В этот момент Грин окликнул его: «Слушайте, мистер Кокинг, если вас хоть капли терзают сомнения насчет вашего парашюта, я приготовил здесь лебедку, которую могу спустить вам, а затем втянуть вас в гондолу с помощью моей маленькой лебедки с кошкой, и никто ничего не узнает». — «Ни в коем случае! — закричал Кокинг. — И все равно благодарю. Я теперь приготовлюсь дернуть за веревку защелки». Обнаружив его непреклонность, Грин и его друг оба пригнулись в корзине и ухватились за мундштуки своего маленького аэростата. «Все готово?» — крикнул Кокинг. «Все готово!» — ответил старый аэронавт наверху. «Спокойной ночи, мистер Грин!» — «Спокойной ночи, мистер Кокинг!» — «Приятного путешествия, мистер Грин — спокойной ночи!»

Воцарилась полная тишина — несколько секунд сильнейшего напряжения — и затем воздухоплаватели в гондоле почувствовали толчок на защелке. Он оказался недостаточно сильным, чтобы открыть спусковое железо. Кокингу не удалось отсоединить парашют. Последовала еще одна пауза зловещей тишины.

Затем по защелке последовал мощный рывок, и в мгновение ока огромный шар взмыл вверх с косым вихрем, подобно раненой змее. Они увидели свой флаг, прижатый намертво к флагштоку, в то время как поток газа устремился на них через отверстие в воздушном шаре над их головами и продолжал изливаться в гондолу столько времени, что они задохнулись бы, если бы не предусмотрительное запасание маленького шара с атмосферным воздухом, к мундштукам которого они прижались ртами, сжавшись в комок на дне корзины. О судьбе Кокинга или результатах его эксперимента они не имели ни малейшего представления. Они знали лишь одно: парашют исчез!

Финал эксперимента мистера Кокинга хорошо известен. Первые несколько секунд он спускался быстро, но ровно и без раскачивания — как он и планировал, и на чем настаивал как на неизбежном результате — когда вдруг те, кто наблюдал снизу в бинокли, увидели, что парашют наклонился на один бок, затем сделал крен в другой, после чего большой верхний круг сложился (гибельная полая жестяная труба явно разрушилась), и аппарат вошел в верхнюю часть облака: еще через несколько секунд он показался из нижней части облака — вся конструкция перевернулась — и затем, словно сломанный зонтик в чехле, стремительно рухнул вниз на землю.
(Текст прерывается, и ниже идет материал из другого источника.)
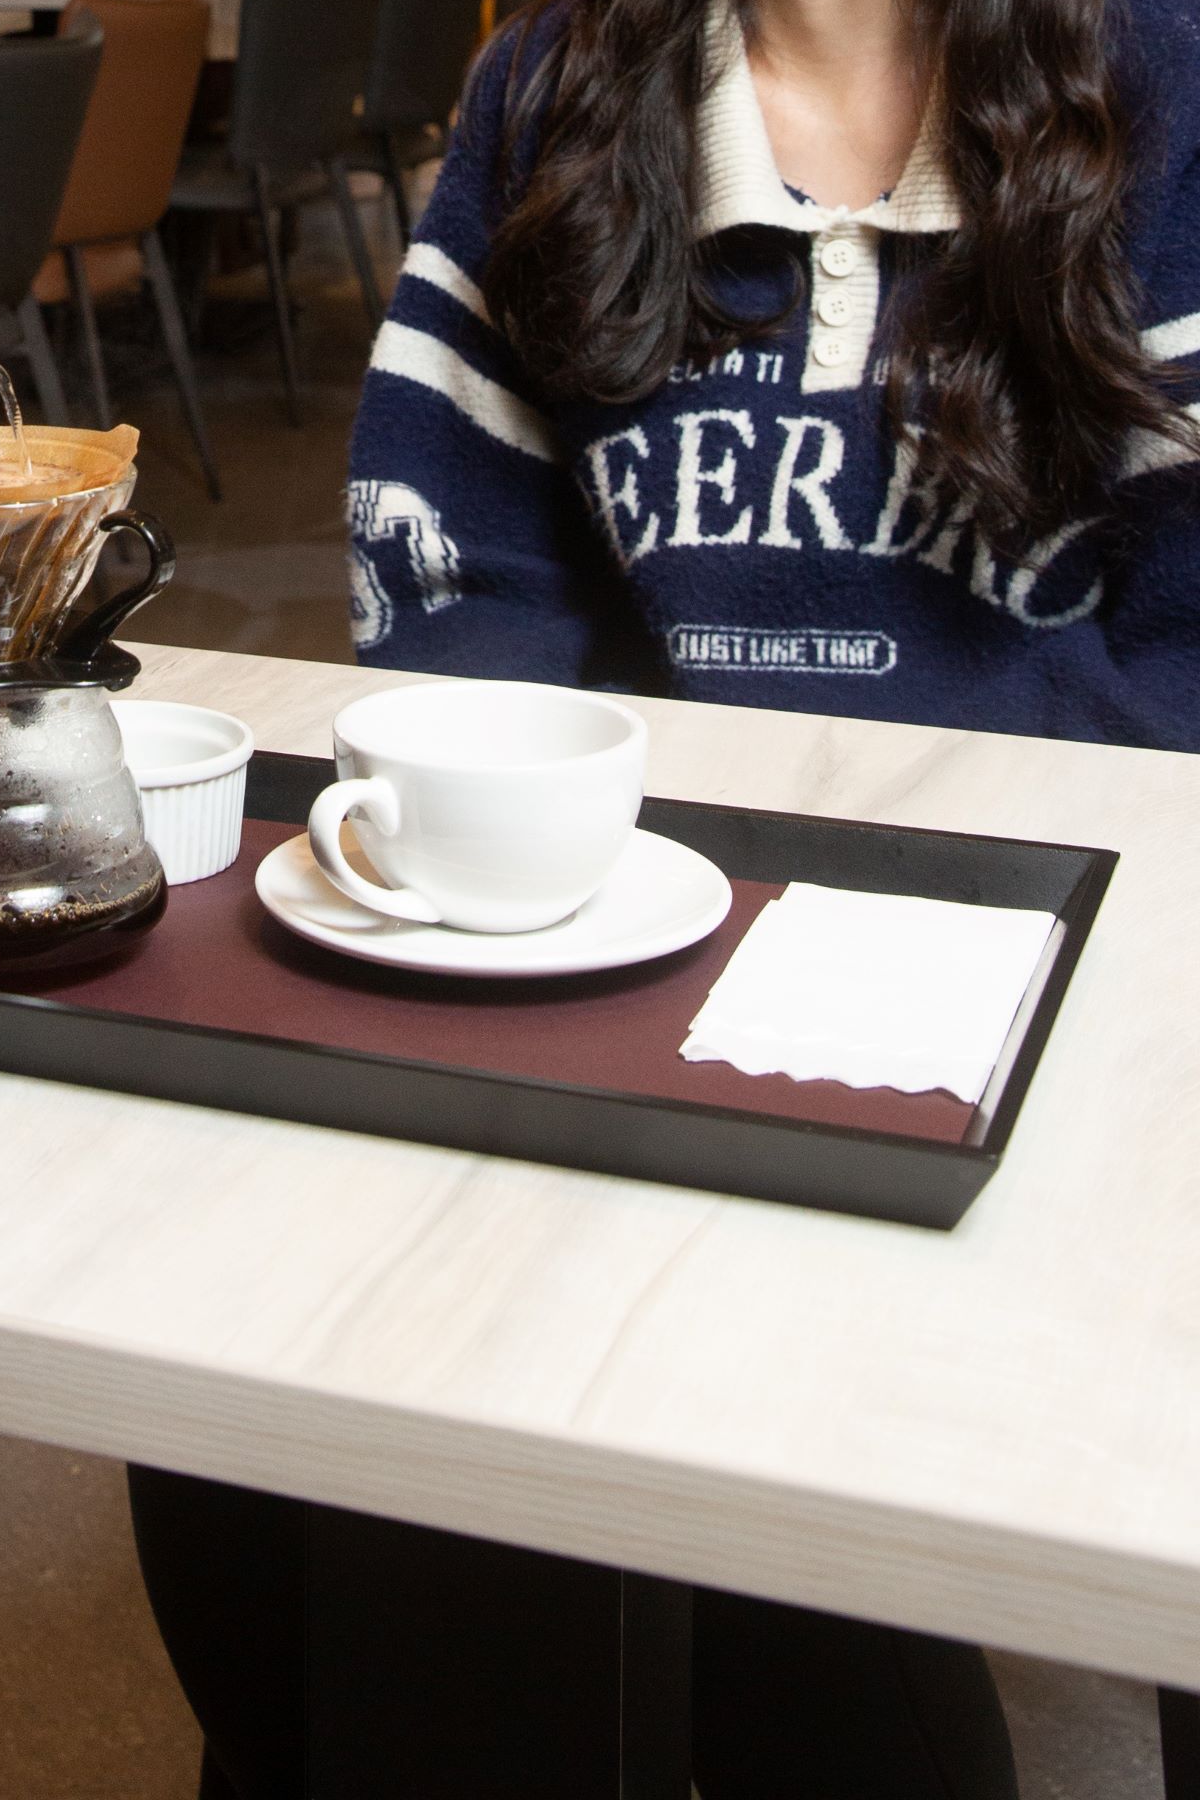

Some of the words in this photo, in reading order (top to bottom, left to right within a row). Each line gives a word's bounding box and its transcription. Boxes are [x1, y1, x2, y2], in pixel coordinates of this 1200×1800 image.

[675, 632, 745, 663] JUST
[750, 636, 807, 665] LIKE
[811, 637, 879, 667] THAT
Несчастный и, по мнению большинства людей, глупый энтузиаст был найден все в той же корзине, в которой он достиг земли. Он был совершенно без сознания, но испустил стон; и через десять минут он скончался.

Пара слов в пользу парашютов. Верно, «в настоящее время» от них нет никакой пользы; но кто знает, какая польза может однажды от них оказаться? Что касается изобретения мистера Кокинга, катастрофа, судя по всему, объясняется погрешностями в деталях, а не в самом принципе. По мнению мистера Грина, основанному на осмотре порванного шнура защелки в сочетании с другими обстоятельствами, для удовлетворительного описания которых потребовались бы чертежи, после того как мистеру Кокингу не удалось освободиться с первой попытки, он обернул шнур вокруг руки, чтобы сделать мощный рывок, забыв, что тем самым соединил себя с воздушным шаром наверху, поскольку высвободить руку вовремя было бы невозможно. Таким образом его с яростью дернуло в парашют, что оборвало шнур защелки; но жестяная труба не выдержала подобного удара, и это привело к столь серьезной поломке в дополнение к ее прежнему ненадежному состоянию, что вскоре после этого она сложилась. Это наводит на мысль, что если бы внешний обод был сделан из прочного плетеного материала или китового уса, будучи до некоторой степени гибким, и если бы мистер Грин освободил парашют вместо мистера Кокинга, он опустился бы на землю с абсолютной безопасностью — скользя по воздуху, избегая сильных колебаний старой формы этого аппарата. Впрочем, мы завершаем словами лаконичного изречения мистера Грина: самый безопасный парашют — это воздушный шар.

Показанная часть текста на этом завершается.